RECORDS TO USE
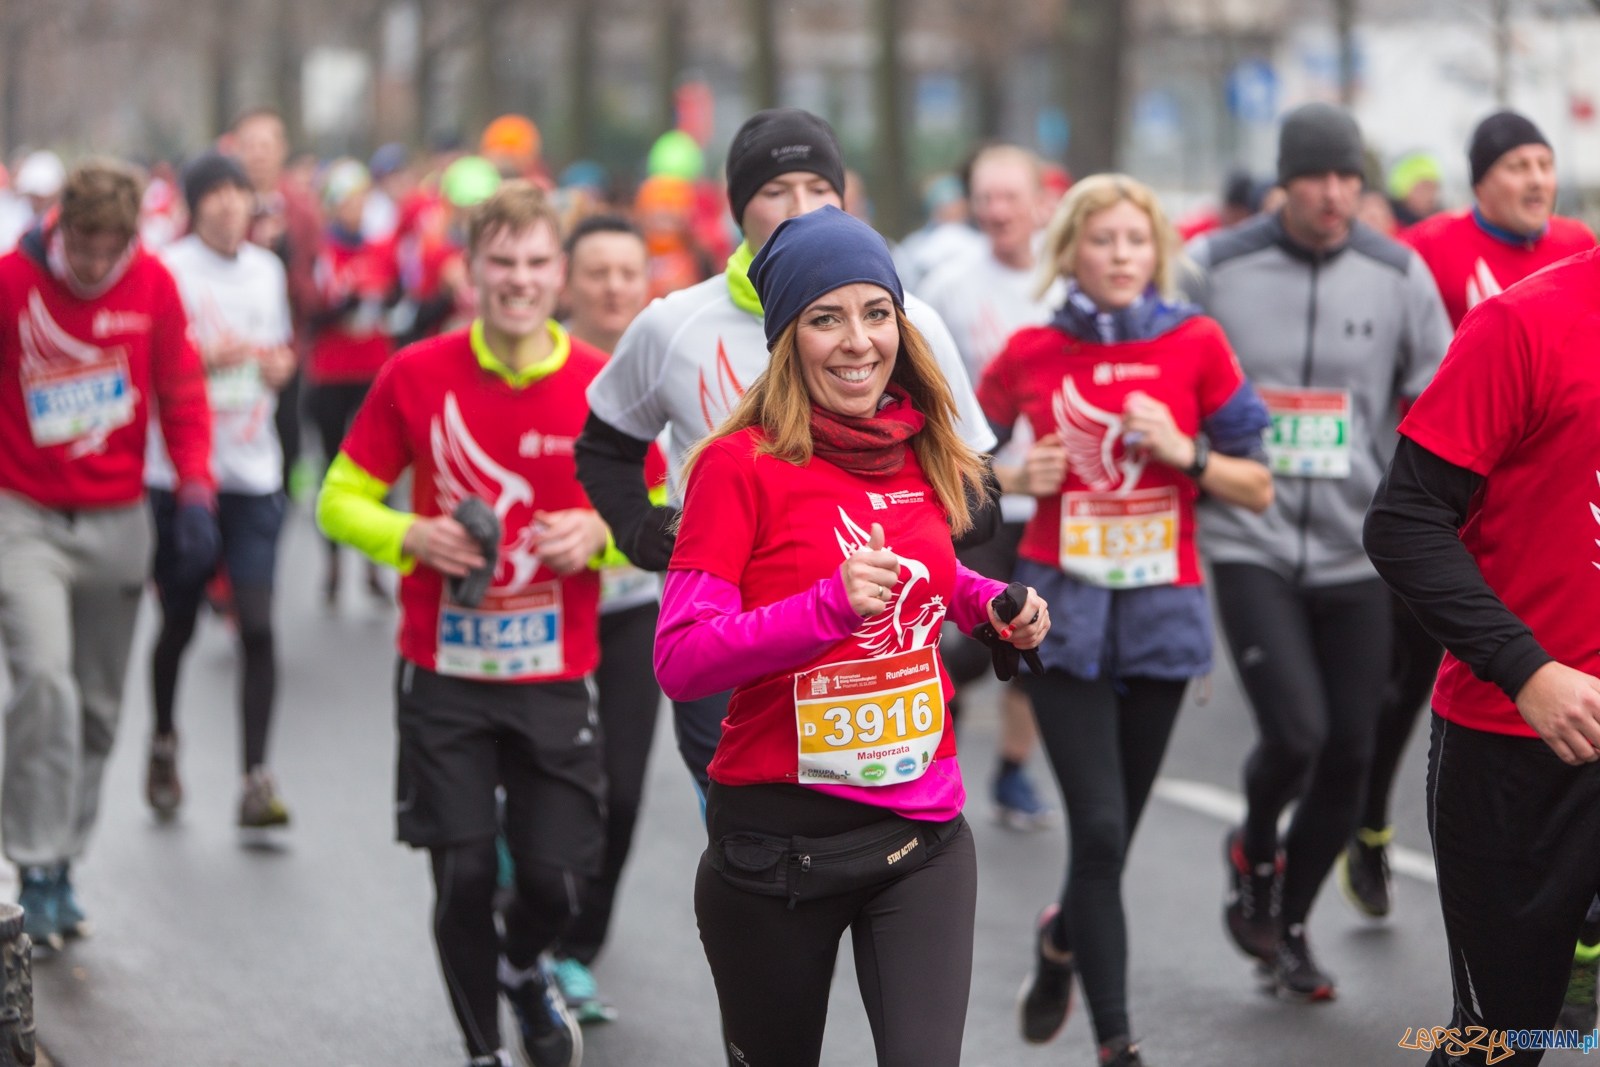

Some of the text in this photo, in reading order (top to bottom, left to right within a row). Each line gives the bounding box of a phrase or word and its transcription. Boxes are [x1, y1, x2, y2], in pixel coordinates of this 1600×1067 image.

[1083, 519, 1164, 554] 1532
[457, 614, 547, 648] 1546
[833, 675, 842, 690] 1
[886, 663, 929, 679] RunPoland.org
[804, 692, 933, 747] D 3916
[887, 837, 918, 865] STAY ACTIVE
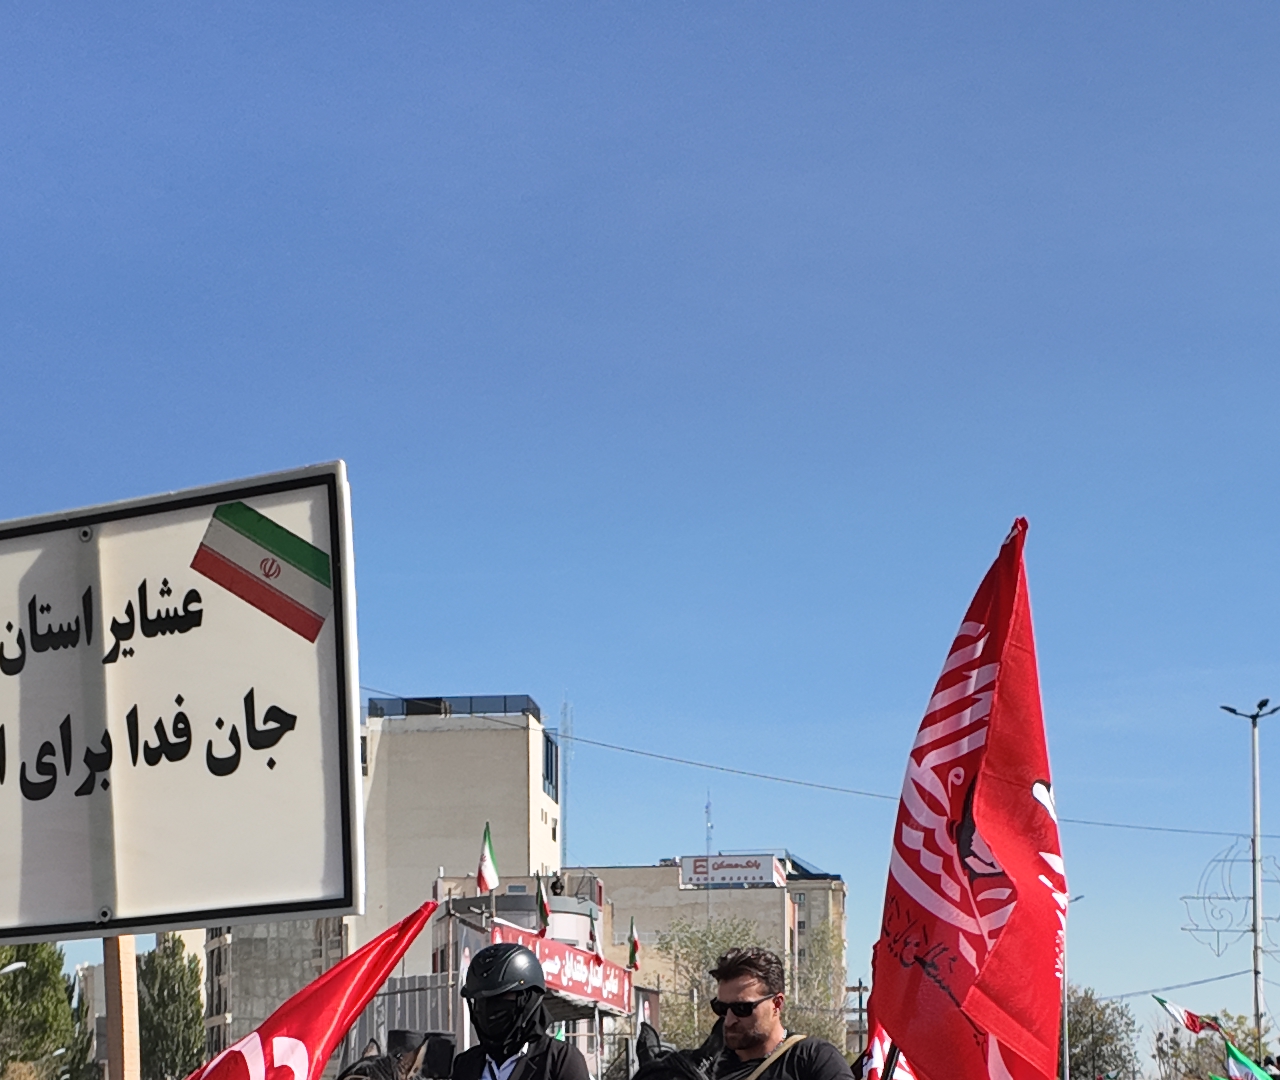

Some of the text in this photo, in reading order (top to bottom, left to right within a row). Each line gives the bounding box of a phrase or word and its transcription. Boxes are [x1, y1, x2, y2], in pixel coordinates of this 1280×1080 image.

[0, 586, 93, 675] استان
[102, 577, 204, 664] عشایر
[19, 715, 112, 801] برای
[126, 693, 193, 767] فدا
[205, 687, 297, 776] جان

EXERCISE GOAL
Give back exactly the lines from the one containing "this 1280×1080 image." through the last line of the records.

SOLUTION
Some of the text in this photo, in reading order (top to bottom, left to right within a row). Each line gives the bounding box of a phrase or word and its transcription. Boxes are [x1, y1, x2, y2], in pixel coordinates of this 1280×1080 image.

[0, 586, 93, 675] استان
[102, 577, 204, 664] عشایر
[19, 715, 112, 801] برای
[126, 693, 193, 767] فدا
[205, 687, 297, 776] جان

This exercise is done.